For the surgery a single rule was established: The respirator assisting Cortney’s breathing would be put on Demand, so that if the boy initiated a breath, it would assist him and flash the orange light each time. If he quit tripping the respirator, if the orange light went out, it would mean that even the central, more primitive part of his brain was gone. If this occurred during surgery, rather than keep alive the heart and lungs in a person whose brain had died, Dr. Rees would simply unplug the machine.
A three-member surgical crew, including an anesthesiologist, an RN, and an operating room technician, had been summoned to assist Dr. Hauser in the exploratory operation. But when Hauser phoned the operating room to give instructions for setting up the operation, he discovered that the OR technician wasn’t qualified to assist in neurosurgery. Ironically, the only person in the hospital qualified to scrub for neurosurgery was Brett Naisbitt. Brett overheard Hauser’s phone call and volunteered to scrub for the operation. His face still appeared stung, and Dr. Hauser questioned whether assisting in the operation would be too much for him to absorb emotionally. But Brett had already acquired a full set of pa-jama greens, the antistatic slippers, pants, top, and tie-back cap, and was walking down the hall to surgery to set up the scrub for the operation on his brother.
Though she stood a few inches taller, Claire Naisbitt seemed cast in her mother’s image. She was petite and had blond hair and moist green eyes, and there were freckles dusted lightly across the bridge of her nose. She was a pretty girl, “a girl you’d see and not soon forget,” recalled a high school classmate. Of the Naisbitt children Claire, now twenty-two, had always been the achiever: the cheerleader, the honor society member, the class officer, the award winner. At home she was the peacemaker among her brothers. But beneath her tact and achievements and appealing face lay concealed a certain
soft sensitivity. She was quick to make someone feel better with a card or a kind word; she never forgot a birthday and was hurt if someone forgot hers.
Two weeks prior to her parents’ trip to Hong Kong, Claire felt moved to write them a note. It was something she did occasionally, a thoughtful reminder to her parents of how much she loved and appreciated them. The note remained unwritten, however, until the day before their departure, when she finally sat down and wrote a card to her parents. At the airport to see them off, she handed the sealed card to her parents. It simply wished them a safe trip and added, “I just wanted you to know how much I love both of you.”
Claire had envisioned her parents in the air, opening the note and merely smiling to each other as they began their trip to the Orient. But after the last passenger had boarded, and Claire stood at the window, waiting for the plane to take off, she was surprised to see her mother coming back off the plane. Carol ran inside the terminal and hurried up to her daughter.

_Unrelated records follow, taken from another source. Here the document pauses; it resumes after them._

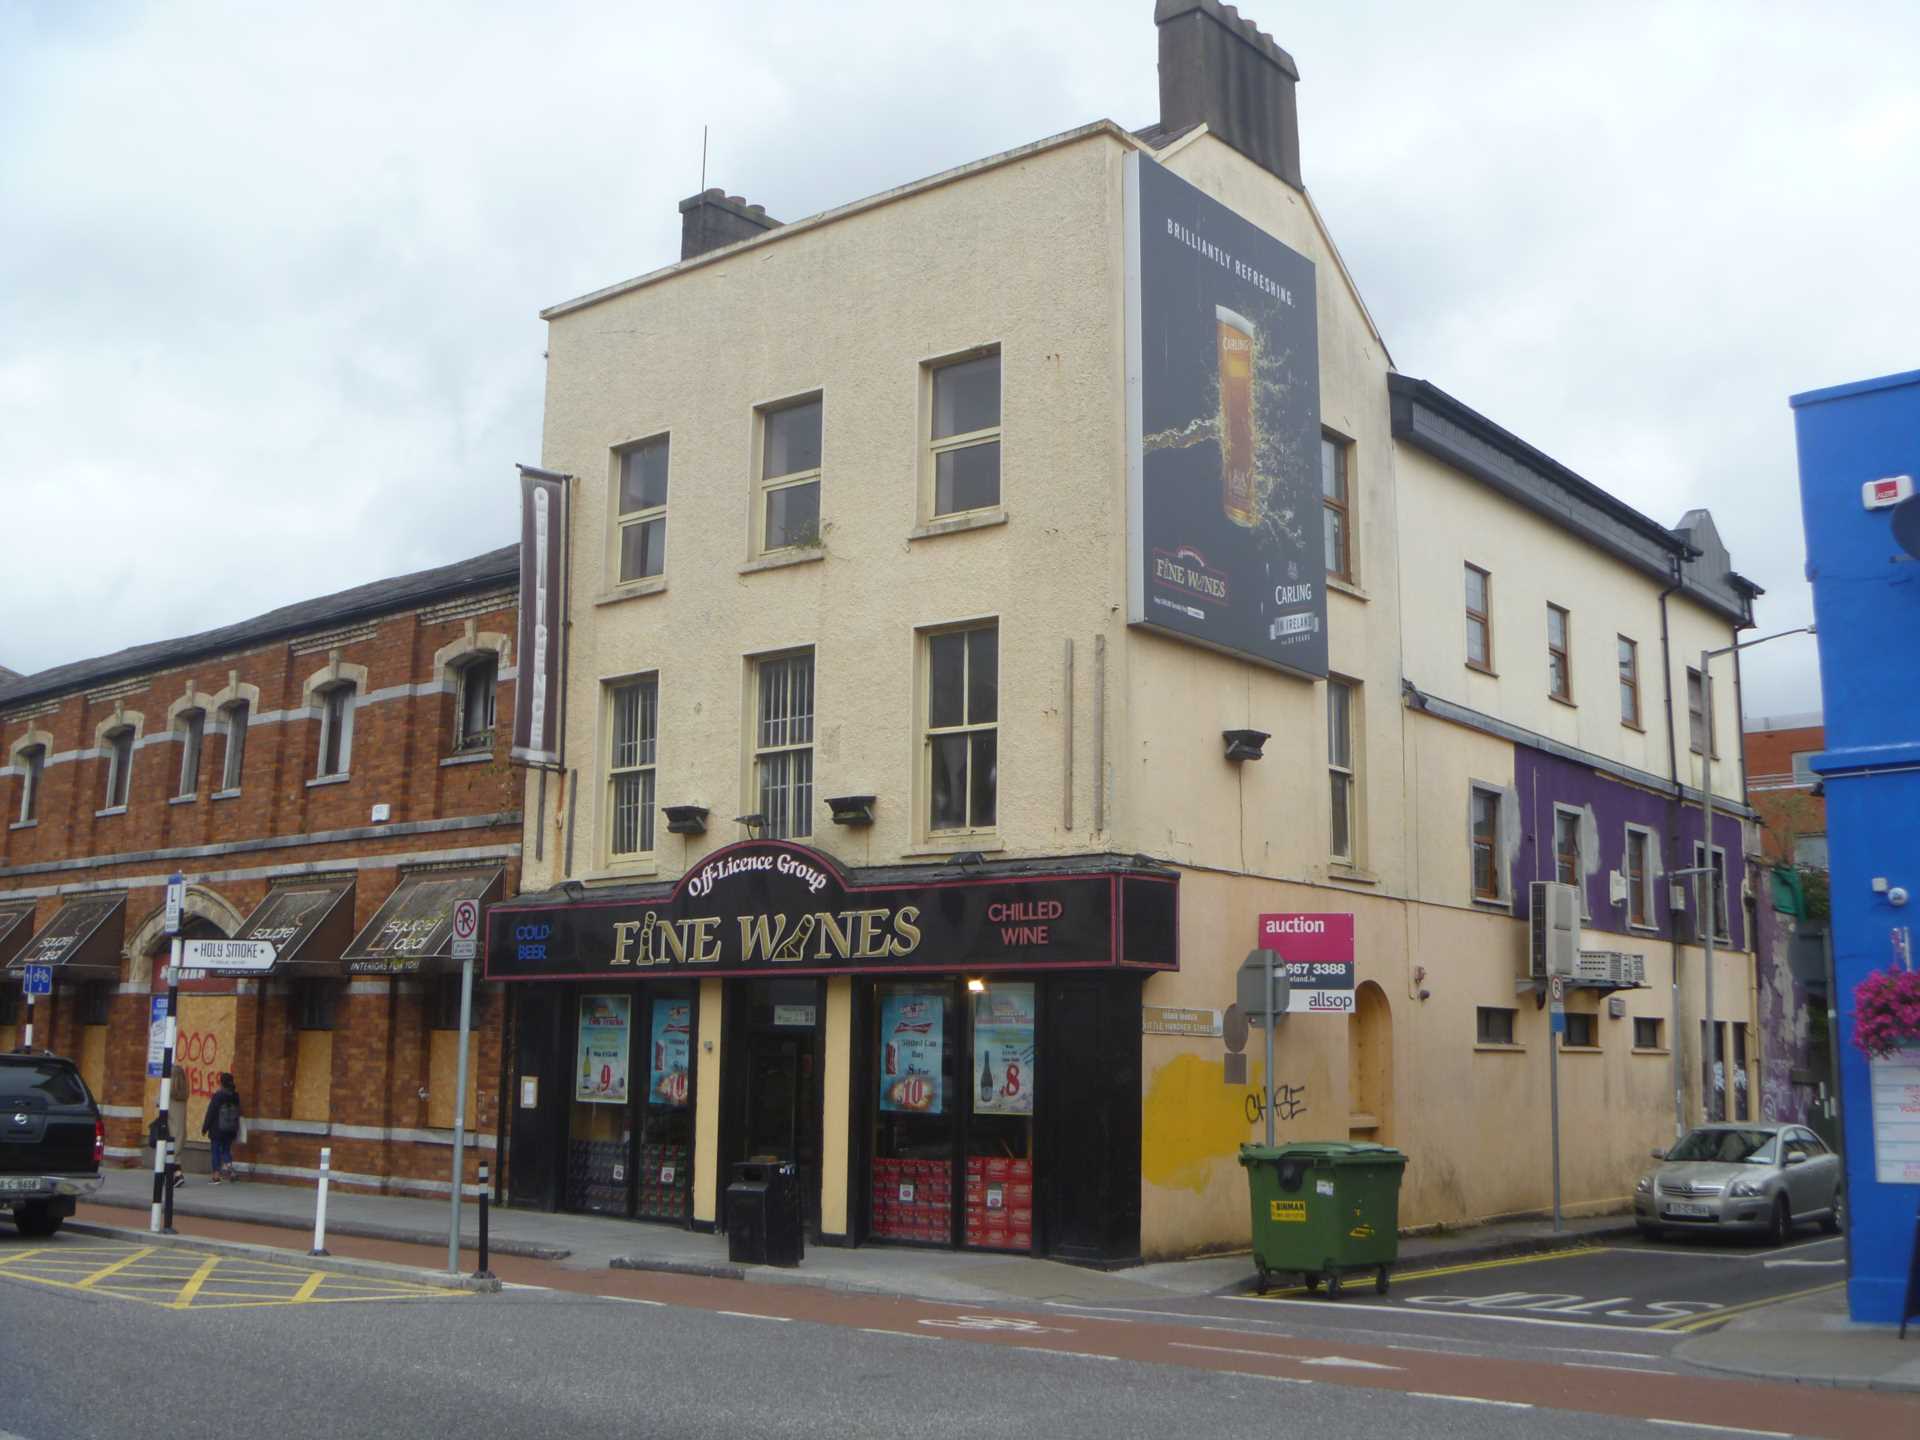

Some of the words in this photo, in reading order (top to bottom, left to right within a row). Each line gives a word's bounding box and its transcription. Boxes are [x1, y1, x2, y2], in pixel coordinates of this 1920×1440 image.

[1167, 218, 1231, 269] BRILLIANTLY
[1156, 557, 1185, 585] FINE
[1187, 569, 1226, 598] WINES
[1275, 583, 1312, 605] CARLING
[688, 854, 774, 898] Off-Licence
[776, 853, 828, 894] Group
[987, 901, 1063, 922] CHILLED
[515, 924, 550, 941] COLD
[1265, 915, 1325, 933] auction
[610, 911, 722, 966] FINE
[737, 905, 922, 962] WINES
[1001, 925, 1049, 945] WINE
[200, 942, 224, 958] HOLY
[226, 943, 259, 959] SMOKE
[517, 943, 547, 961] BEER
[1312, 963, 1346, 975] 3388
[1308, 991, 1353, 1010] allsop

“What in the world are you doing?” Claire laughed.
Her mother hugged her. “I just wanted to tell you how much we love you. Claire, honey, that was the sweetest note.”
“Oh, that’s just how I feel,” said Claire.
“Well, it was thoughtful of you to do it. You’re mighty special to us.”
“You’d better hurry,” Claire cried, “You’re going to miss your plane!”
“Oh, they’ll wait,” said her mother. She kissed Claire and started toward the ramp. “We’ll see you in a couple of weeks.”
Claire waved and yelled, “Have fun!” She was glad she had written the note.